“Quiénes más pueden dar, menos pueden pedir”.
Ocupa hoy nuestro escenario imaginario un hombre que por amor a Dios se hizo sacerdote y posteriormente, también por amor, pero amor a la libertad de su patria en este caso, dejó los hábitos y se dedicó a encontrar alas, para que los cañones liberadores de San Martín, volaran sobre los abismos de la cordillera andina.
Su padre era francés, aunque su apellido, por un error de una parroquia mendocina, se transformó en español. El real era Bertrand.
Se educó en Chile, en un convento franciscano. Luego de varios años tomó los hábitos de esa orden, ya transformado en sacerdote con el nombre de Fray Luis Beltrán.
Durante los agitados días de la revolución americana, ya Fray Luis, fue capellán del ejército patriota y, muy pronto, ya sin sus hábitos y dado sus conocimientos de matemáticas, física y química, se desempeñó como encargado de maestranza militar. En ese puesto no solo fabricaba elementos de hierro, sino que construía puertas y realiza trabajos de carpintería.
Cuando el General José de San Martín asumió la gobernación de Cuyo descubrió en el sacerdote, al hombre adecuado para encargarle la preparación de los obreros que habrían de formar los elementos que necesitaría el Ejercito de los Andes.
En 1816, el ex sacerdote patriota ya estaba entregado de pleno a su tarea de fabricar cureñas, herraduras, bayonetas, sables y cañones.
En ese momento Fray Luis Beltrán abandonó los hábitos. Sentía que había otra forma de servir a Dios, que consistía en liberar a estas tierras del injusto yugo extranjero. Entonces, ya como Sub oficial de San Martín, intervino en la batalla de Chacabuco, se angustió con la derrota de Cancha Rayada, y se enfervorizó ante el gran triunfo de Maipú.
Su comportamiento hizo que el gobierno lo condecorase con el título de “heroico defensor de la Nación”.
En 1820, participó también en la campaña libertadora en el Perú, secundando a San Martín. Fue ascendido a Sargento Mayor. Tiempo después ya oficial, fue promovido a teniente coronel.
Dialogaba entonces con San Martín. “General, participo de corazón en su ejército, en la sagrada misión de liberar pueblos hermanos de la opresión, pero le pido, me exima de la posibilidad de quitar la vida a otros hombres”. San Martín comprendió su fina sensibilidad y le cambió su rol.
Desde entonces, en todos los operativos, él sería el mago de la maestranza y de los pertrechos bélicos necesarios. En 1824 recibió órdenes de trasladar su fábrica a Trujillo, en lo que es hoy Honduras, en América Central. Ya no vestía los hábitos, pero no por ello deja de oficiar misa cuando le requerían sus servicios.

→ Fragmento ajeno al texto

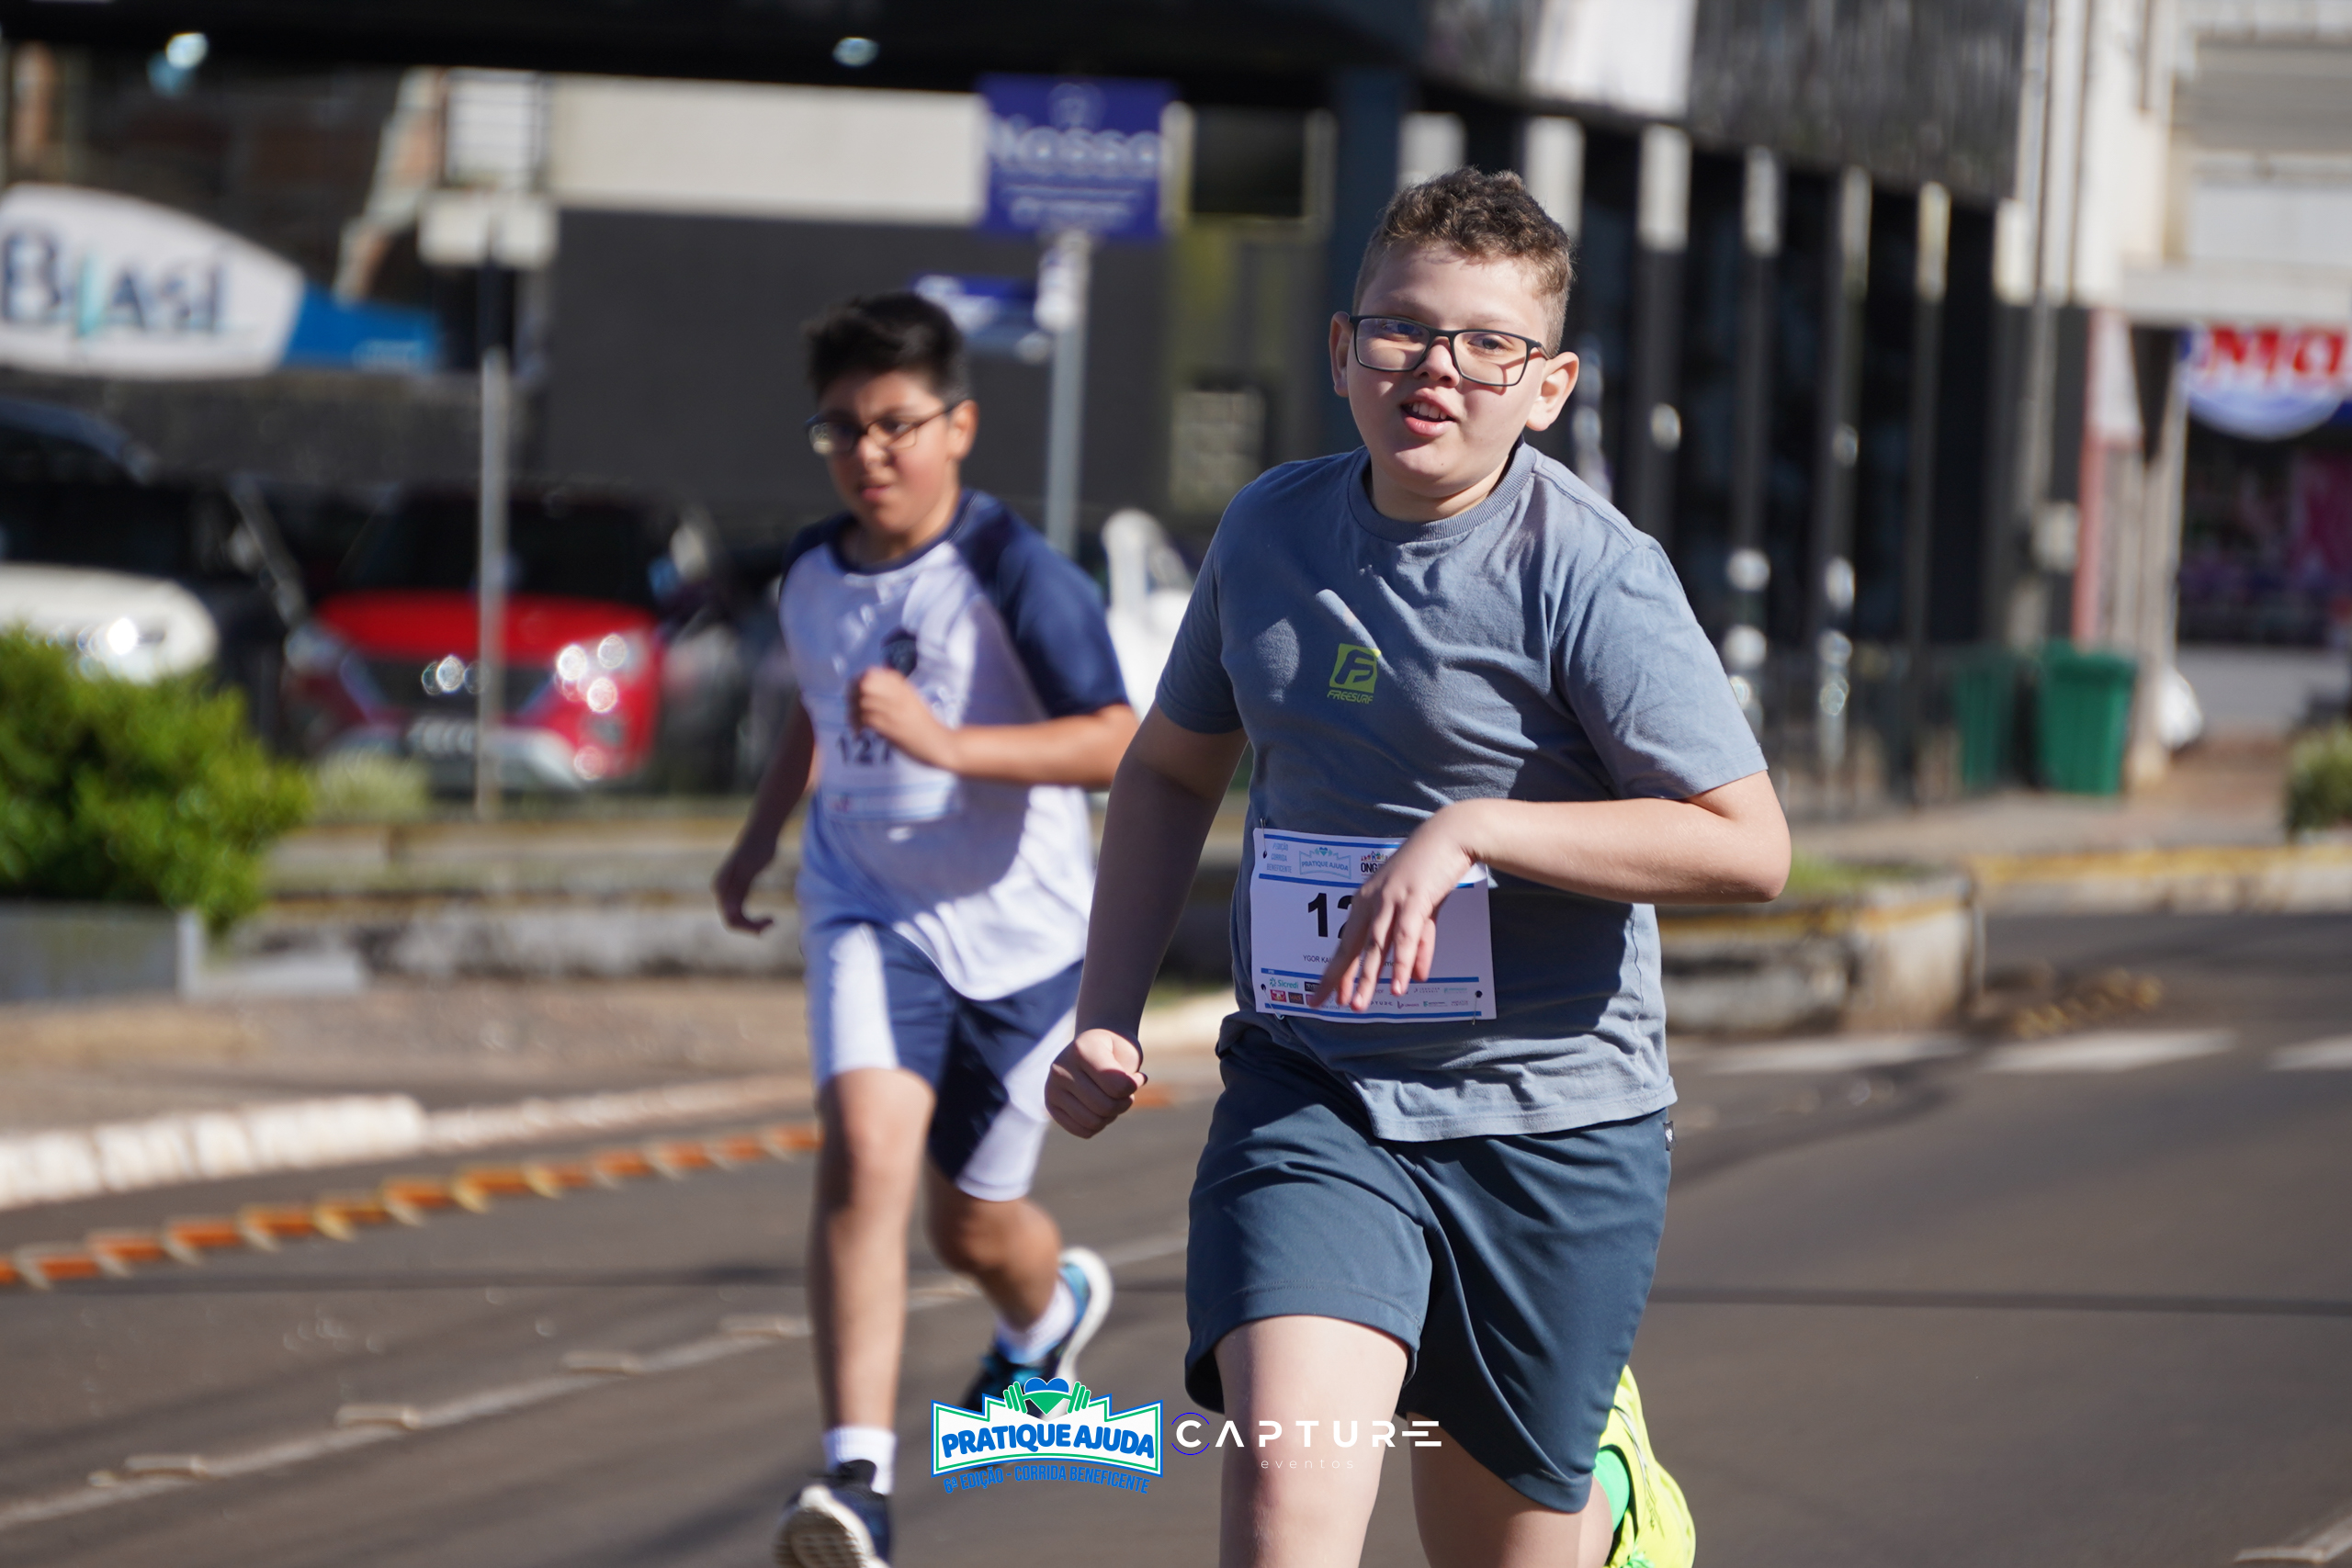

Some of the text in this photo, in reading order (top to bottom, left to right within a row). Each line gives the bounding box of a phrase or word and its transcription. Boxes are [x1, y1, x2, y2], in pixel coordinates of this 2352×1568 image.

[1327, 689, 1374, 705] FREESURF
[1301, 860, 1349, 872] PRATIQUE AJUDA
[1277, 979, 1299, 989] Sicredi

Puesto a las órdenes del general Simón Bolívar y de su segundo el General Sucre, al militar que ya era le correspondió preparar el armamento, que en Ayacucho (Perú), rubricó la libertad de América.
Sin embargo, semanas más tarde, un entredicho muy fuerte con el Libertador Bolívar, le produjo tal colapso nervioso que se enfermó gravemente. El mismo Bolívar, impresionado por el suceso, lo envió de regreso a su tierra natal. Allí, en la serenidad de la campiña cuyana, en la tranquilidad de un convento, poco a poco se fue reponiendo hasta recuperar plenamente de nuevo su salud.
Viajó entonces a Brasil, pero, a los pocos meses debieron enviarlo, enfermo a Buenos Aires. Y es allí, donde el ex sacerdote que puso alas a los cañones de la libertad americana, cerraba sus ojos, esta vez para siempre.
Fue un 8 de diciembre de 1829. Fray Luis, el teniente coronel Luis Beltrán, hacía tres meses que había cumplido cuarenta y cinco años. Cinco meses antes de morir, renuncio a la carrera militar y excepcionalmente y por sus reales méritos humanos, le permitieron retomar los hábitos de sacerdote, su vocación de siempre. Justo premio a un hombre que hizo el bien por necesidad vital. Que al sentir como propio el dolor ajeno, Dios le hizo sentir menos su propio dolor.
Nunca supo lo que era el mal. Pero no por ignorante. Si no por puro. Y un aforismo final para este sacerdote que comprendió que para ver el cielo, no es necesario elevar la mirada.
“La nobleza está en la madera. Nunca en el lustre”.